# [Task brief]
An image-free, word-for-word version of the records below is to be returned.
──────── Provided records
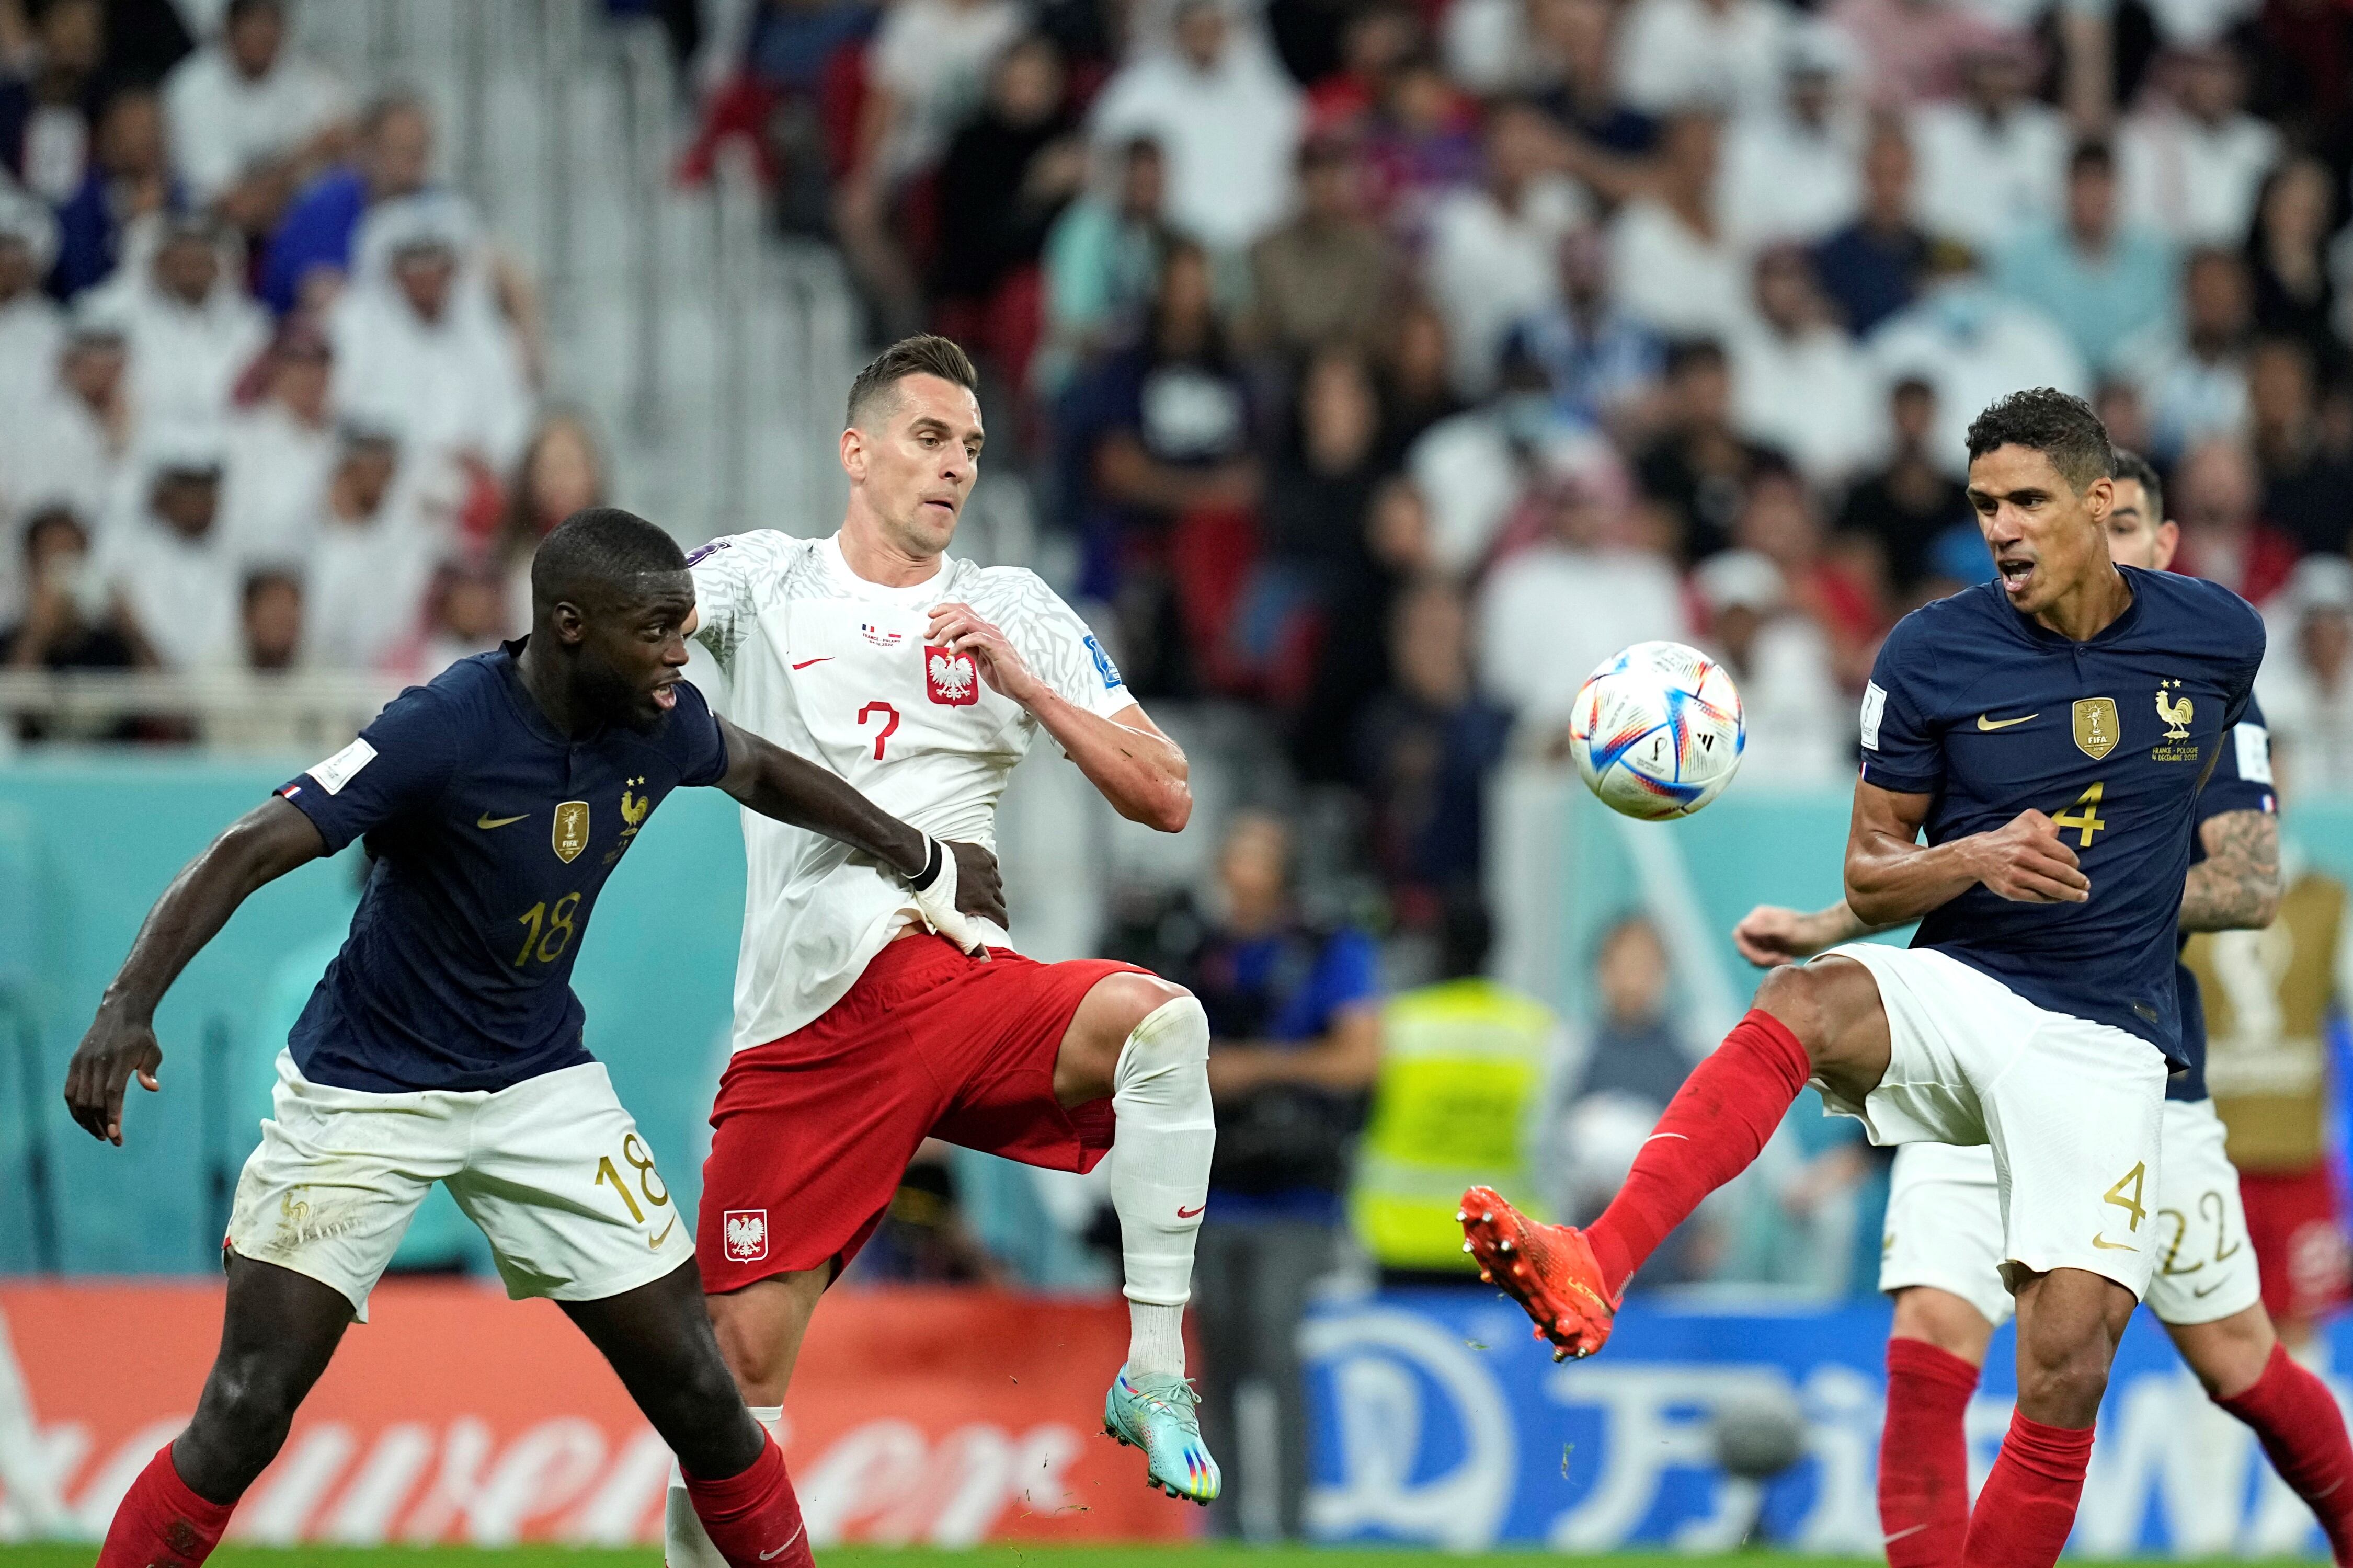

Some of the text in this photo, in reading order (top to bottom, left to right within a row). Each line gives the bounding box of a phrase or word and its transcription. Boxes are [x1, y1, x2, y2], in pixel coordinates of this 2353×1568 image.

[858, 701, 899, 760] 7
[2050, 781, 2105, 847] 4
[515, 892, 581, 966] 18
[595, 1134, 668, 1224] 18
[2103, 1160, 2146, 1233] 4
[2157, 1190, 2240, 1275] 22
────────────────
# [Expected answer]
Some of the text in this photo, in reading order (top to bottom, left to right within a row). Each line gives the bounding box of a phrase or word and its transcription. Boxes are [x1, y1, x2, y2], in pixel coordinates of this 2353×1568 image.

[858, 701, 899, 760] 7
[2050, 781, 2105, 847] 4
[515, 892, 581, 966] 18
[595, 1134, 668, 1224] 18
[2103, 1160, 2146, 1233] 4
[2157, 1190, 2240, 1275] 22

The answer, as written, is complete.